Also as you will join as a Ascon in Infy as you have posted salary about 6lacs/yr. After few years if you change the company you can get double package also.
One of my seniors from college joined a small company in Bangalore(his father a Govt. officer strongly argued and opposed this), after 3.5 years he is earning 15lacs/yr with one switch.

As you may be aware that we do not have any labour law in Indian IT sector cause the sector is too low compared to others. Currently the only laws applicable are organised sector laws.
If this sector grows, then we will have IT laws regulating it.
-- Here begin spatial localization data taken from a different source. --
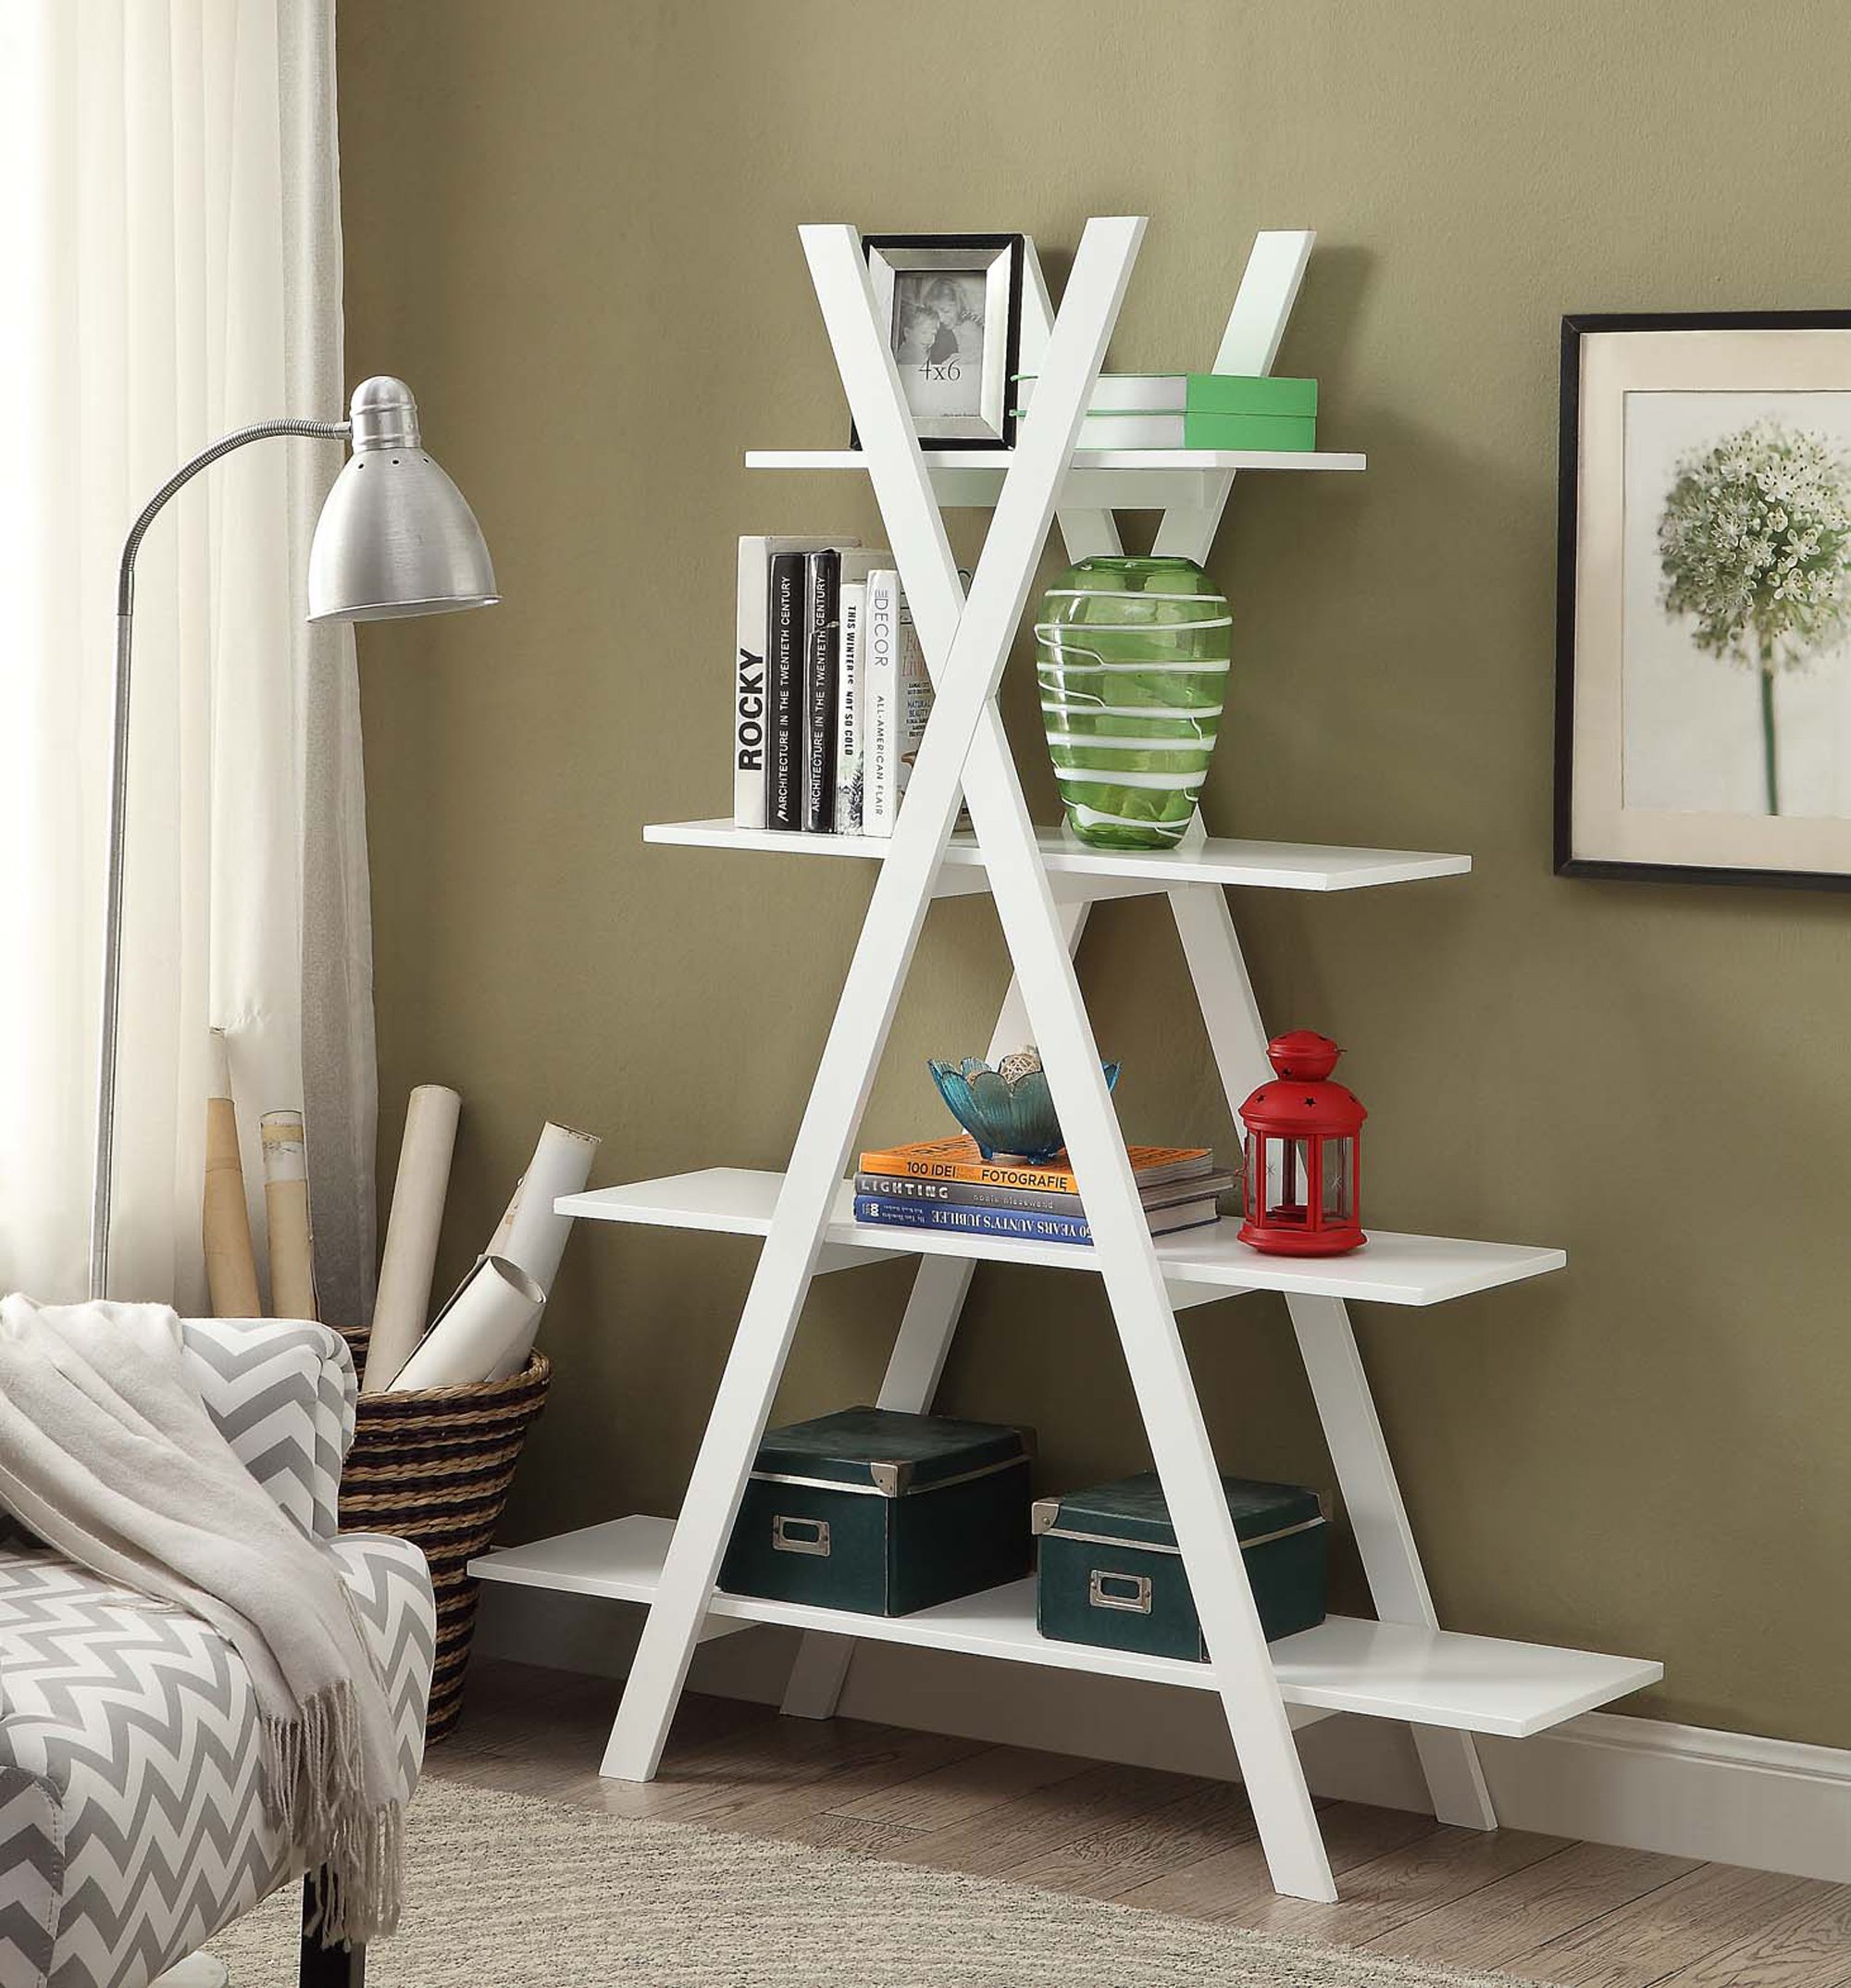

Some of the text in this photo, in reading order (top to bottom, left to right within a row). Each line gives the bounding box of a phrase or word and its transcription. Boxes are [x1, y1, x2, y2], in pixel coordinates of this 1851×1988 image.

[918, 357, 962, 381] 4x6
[780, 576, 791, 626] CENTURY
[815, 577, 826, 626] CENTURY
[847, 605, 857, 629] THIS
[846, 632, 856, 671] WINTER
[739, 649, 764, 771] ROCKY
[779, 690, 789, 711] THE
[815, 691, 826, 712] THE
[845, 691, 854, 711] NOT
[779, 714, 789, 726] IN
[814, 716, 824, 727] IN
[844, 714, 853, 727] SO
[844, 729, 854, 756] COLD
[875, 695, 885, 815] ALL-AMERICAN FLAIR
[777, 730, 789, 811] ARCHITECTURE
[811, 731, 823, 812] ARCHITECTURE
[906, 1161, 928, 1174] 100
[931, 1163, 957, 1178] IDEI
[861, 1181, 949, 1199] LIGHTING
[931, 1210, 982, 1227] JUBILEE
[983, 1215, 1035, 1234] AUNTY'S
[1037, 1222, 1076, 1236] YEARS
Just look at uncle sam's laws in IT there.


----------



## ayushman9 (Jun 19, 2013)

Just to add more info ,my dad just throwed me a bouncer yesterday ,when I talked about Uncle SAM oppurtunities .Incidently Many indian Public sector banks including my dad's ,which does'nt even come under top 8 ,have started opening Branches outside India  & just recently 2 of my father juniors of JMG Scale 3 & 4 i believe ,were sent to 5 year assignment to US & Sweden .  I did'nt know what to reply  .Though I am preety sure the perks may not be equivalent to any IT employees.

While for work load ,Infy & other IT companies score as not only they provide flexible hours but heavy loads are also not present during normal scenario .I have seen Senior Project manager hitting gyms nowadays at evening & during work hours  ,which I can't imagine in


----------



## dashing.sujay (Jun 19, 2013)

^scale 3 and 4 don't come under JMG, only 1 comes, AFAIK.


----------



## whitestar_999 (Jun 19, 2013)

"real govt job"(gazetted or not) is where you work directly under state/central govt which is not the case with any public sector bank,institution or unit.to get these jobs you have to crack exams much harder than SBI but the rewards are also higher(even after taking out the corruption factor).

^^correct,reaching scale 3 will take at least 8 years not to mention there will be less than dozen foreign posting available for thousands of aspirants.


----------



## theterminator (Jun 19, 2013)

One thing is also there that people also shift from govt to private sector after being at a good position.  As govt employees they get attractive salaries. Just a viewpoint.

Only scale I comes under JMG afaik. J=Junior.


----------



## ayushman9 (Jun 19, 2013)

What about lateral jump in future for PSB's employees. I have seen people leaving Public sector banks for plush offering in pvt ones especially Axis  ,ICICI for anything in range of 90k to 1.2lac per month .Though they have been working for about 8 to 9 years in Public sector bank before that .


----------



## theterminator (Jun 19, 2013)

ayushman9 said:


> What about lateral jump in future for PSB's employees. I have seen people leaving Public sector banks for plush offering in pvt ones especially Axis  ,ICICI for anything in range of 90k to 1.2lac per month .Though they have been working for about 8 to 9 years in Public sector bank before that .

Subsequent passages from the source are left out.